Abstract: April 22nd marks the fiftieth anniversary of Earth Day. This year, the coronavirus will prevent people from the typical gatherings that mark the celebration of our planet. The first Earth Day, in 1970, drew twenty million people - one in every ten Americans - out to the nation’s streets and parks to show their appreciation for nature and to call for its protection. The event soon spread to nearly every country in the world and it is estimated that one billion people – one in seven – now commemorate Earth Day. As one of the founders of Earth Day said in 1970, “If the environment is a fad, it's going to be our last fad...We are building a movement, a movement with a broad base, a movement which transcends traditional political boundaries.”

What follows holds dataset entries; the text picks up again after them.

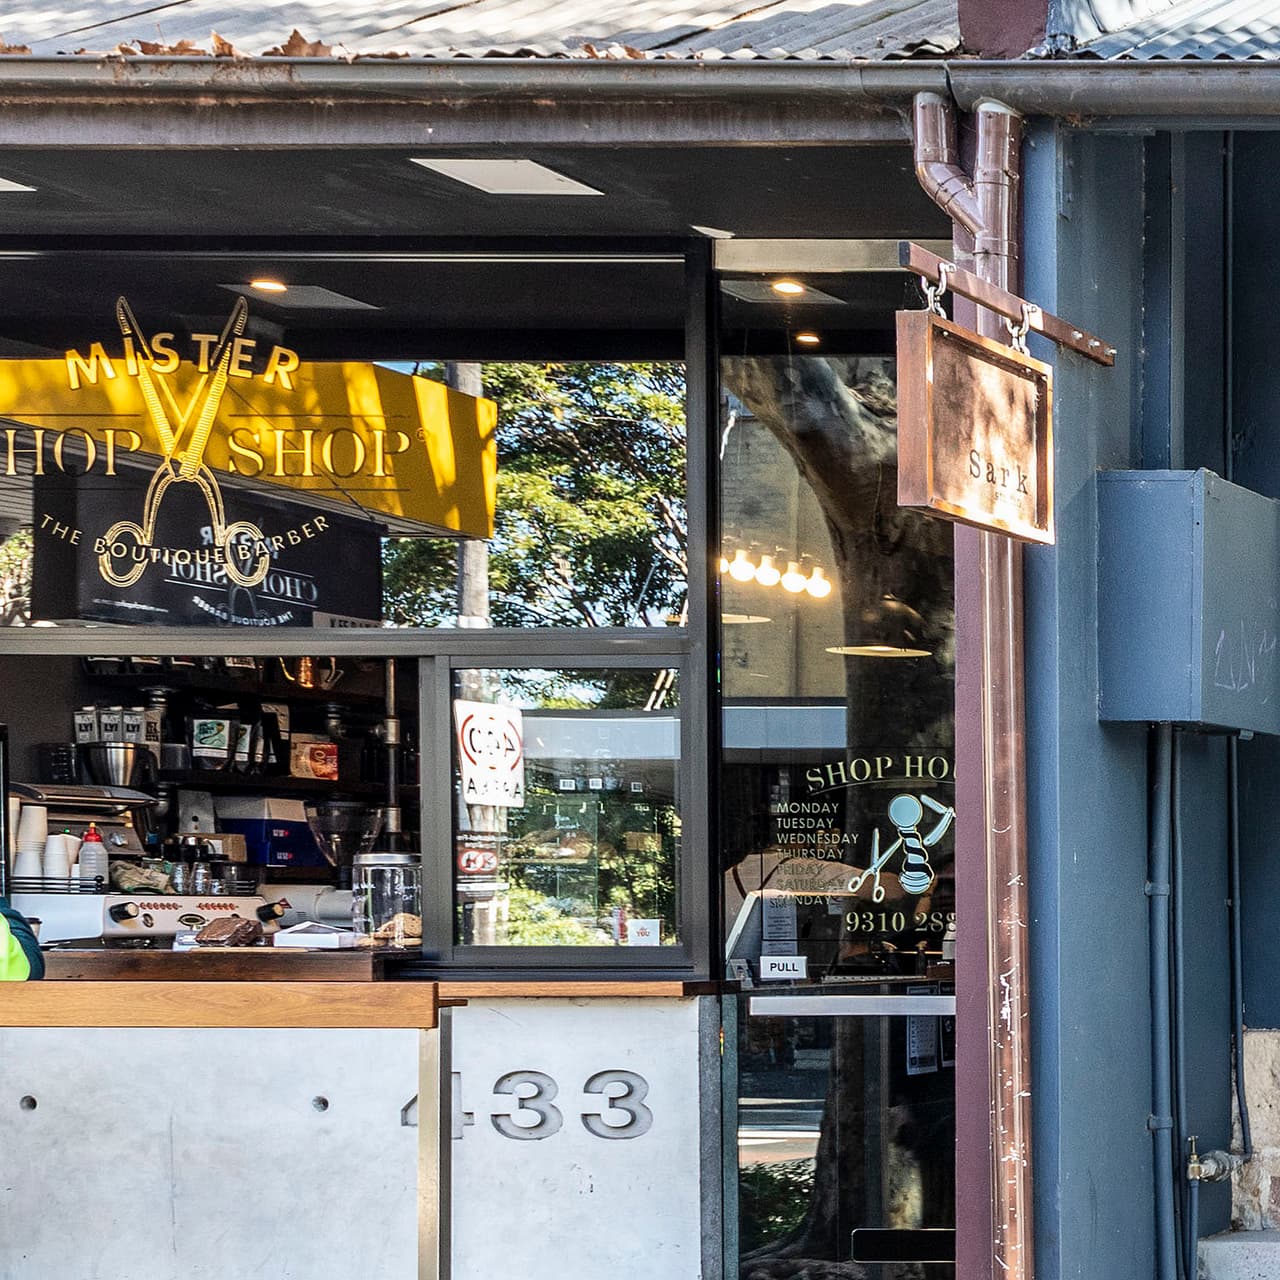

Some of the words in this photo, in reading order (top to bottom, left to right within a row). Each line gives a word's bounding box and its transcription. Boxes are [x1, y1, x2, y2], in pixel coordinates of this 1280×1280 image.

[64, 332, 301, 391] MISTER
[227, 427, 411, 477] SHOP
[969, 449, 1028, 495] Sark
[41, 514, 84, 547] THE
[94, 539, 225, 566] BOUTIQUE
[238, 514, 331, 561] BARBER
[805, 756, 893, 792] SHOP
[904, 755, 956, 780] HO
[777, 803, 839, 814] MONDAY
[776, 818, 834, 829] TUESDAY
[776, 833, 860, 844] WEDNESDAY
[776, 848, 845, 860] THURSDAY
[846, 911, 906, 933] 9310
[769, 963, 799, 972] PULL
[400, 1070, 653, 1140] 433

Fifty years later, it is clear that environmental protection is not a passing fad, but one of the most important global projects underway today. As a result of the increased focus on the health of Earth’s ecosystems and natural resources over the past many decades, our planet is in some ways healthier today than it was in 1970. There are also far more environmentally-friendly technologies today helping power electricity and vehicles. At the same time, however, the world has yet to take the necessary steps to curb climate change, a phenomenon barely understood in 1970 but is this year’s Earth Day theme. In early 2020, as the immediate crisis of the COVID-19 pandemic (which has deep environmental roots) brings the world to a near stand-still, we can take stock of current environmental protections, what still needs to be done to keep the Earth inhabitable for a growing population, and how the world can commit an appropriate level of attention to the slower-moving crisis that is climate change.
“Earth Day and the Coronavirus,” the new Current Context issue, explores the linkages between climate change and pandemics, incorporating links to climate change-related classroom resources, a historical example of coordinated global environmental protection, and an examination of the environmental justice components of this pandemic, which is hitting particularly hard our nation’s communities of color. For more in-depth classroom/at-home activities, students can explore one or more of these angles. Listed below are some suggested approaches and resources:
- History of Environmental Protection Efforts
Earth Day - its purpose and its history - can be one way your student engages in this topic. This website includes original news coverage of the first Earth Day in 1970. Two years later, in 1972, the United Nations established its Environment Programme. 10th and 11th grade students can learn more about these developments and connect their learning from the Post-WWII era to ask “why did the environmental movement emerge when it did in the United States and around the world?” “How did globalization speed both environmental hazards and the opportunities for collaboration across nations to address some of these problems?
- Federal Legislation and International Agreements
Coinciding with an increased focus on environmental degradation here in the United States was a global effort to protect natural resources, such as water, air, soil and energy sources. 12th grade students can connect their government content to the work happening within the United States and internationally over the past several decades to improve environmental quality. The Clean Air Act and Clean Water Act are two strong federal examples, while the Montreal Protocol to protect the ozone layer is a particularly successful international agreement. Students can study these and consider the following questions: “Why do governments pass laws to protect natural resources? Who benefits?” “Why are there disagreements about the need for environmental protections?” “How can countries either hurt or help each other’s environmental goals?”
- Environmental Justice
Students can consider the ways in which issues of inequality are exacerbated by today’s pandemic. Medical records show that in many cases communities of color in this country are disproportionately impacted by COVID-19. This is at least in part because of chronic health conditions among these communities that are connected to environmental toxins, such as air pollution. This NAACP brief outlines some of the environmental injustices people around this country face each day, as well as some of the short and long-term health, social, and economic consequences. This brief also includes suggested classroom resources on these topics. Students can also use this activity developed by the Center for Regional Change at UC Davis to understand the various indicators of health, social well-being and environmental quality in their own communities. Students can explore the connections between present-day environmental injustices and their historical knowledge to explore such questions as: “How did geography and natural resources affect relationships among different social groups? Did the environment play a role in colonialism, imperialism, or nationalism?” “How did the environment figure in colonial policies and practices that led to indigenous dispossession?” “How did native populations use the environment to resist colonization?” “How were post-contact experiences shaped by geography and access to environmental goods?”